The roots of Metaxas' "New State" were sought in Greece's classical history. Metaxas thought Greek nationalism would galvanize "the heathen values of ancient Greece, specifically those of Sparta, along with the Eastern Orthodox Christian values of the Medieval empire of Byzantium". Ancient Macedonia was also glorified as the first political unifier of the Hellenes. As its main symbol, the youth organization of the regime chose the labrys/pelekys, the symbol of ancient Minoan Crete.

The traditional Greek values of "Country, Loyalty, Family and Religion", which Metaxas praised repeatedly, were also close to those of the ancient Spartans. The regime promoted the perceived Spartan ideals of self-discipline, militarism and collective sacrifice, while Byzantium provided an emphasis on a centralized state and devotion to the monarchy and Greek Orthodox Church.

=== External influences ===
Metaxas considered António Salazar's Estado Novo of Portugal his main inspiration and surrounded himself with elements from this and other dictatorial regimes of the time.
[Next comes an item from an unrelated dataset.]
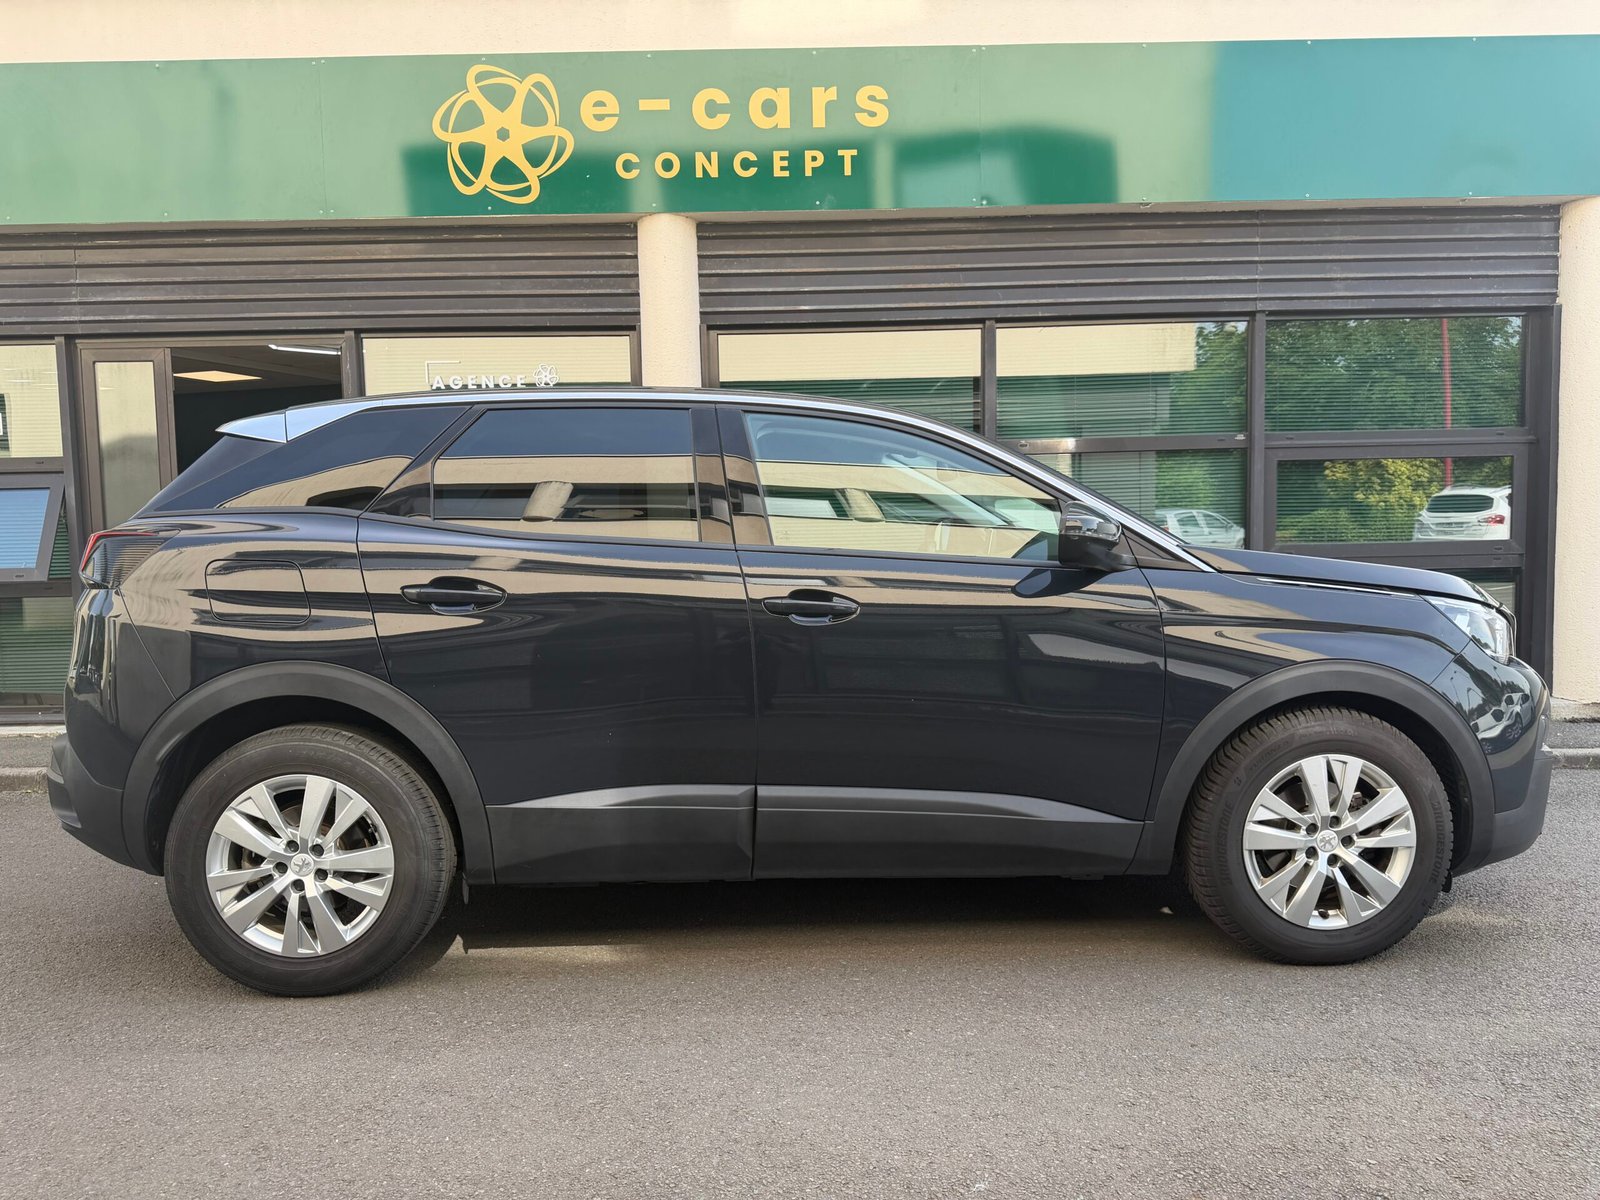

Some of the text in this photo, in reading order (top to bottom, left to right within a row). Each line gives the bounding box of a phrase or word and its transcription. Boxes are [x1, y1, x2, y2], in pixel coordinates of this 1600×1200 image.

Thus, his main ideological slogan was also "New State" (Neon Kratos) and 4 August regime used its own military-like uniforms, greetings, songs and rituals, including the Roman salute (which Metaxas considered Greek in origin as a salutation to the sun god Apollo, and he referred to it as the "Hellenikos Hairetismos" ("Hellenic Hailing")).

Metaxas' regime also developed characteristics typical of authoritarian states such as 1930s Italy and Germany: the regime's propaganda presented Metaxas as "the First Peasant", "the First Worker" and as "the National Father" of the Greeks. Like his contemporaries Hitler with Führer and Mussolini with Duce, Metaxas adopted the title of Archigos, Greek for "leader" or "chieftain", and claimed that his regime had to lay the foundations for the appearance of a glorious "Third Hellenic Civilization" combining the best of ancient Greece and the Greek Byzantine Empire of the Middle Ages.

== Greek totalitarianism ==
The Metaxas regime sought to comprehensively change Greece, and therefore instituted controls on Greek society, politics, language, and the economy. In each of these policy areas, the Metaxas government seemed more nearly an anticipation of Francoist Spain than to resemble its contemporaries Nazi Germany or Fascist Italy.Greece since the 4th of August became an anticommunist State, an antiparliamentary State, a totalitarian State. A State based on its farmers and workers, and so antiplutocratic. There is not, of course, a particular party to govern. This party is all the People, except of the incorrigible communists and the reactionary old parties politicians.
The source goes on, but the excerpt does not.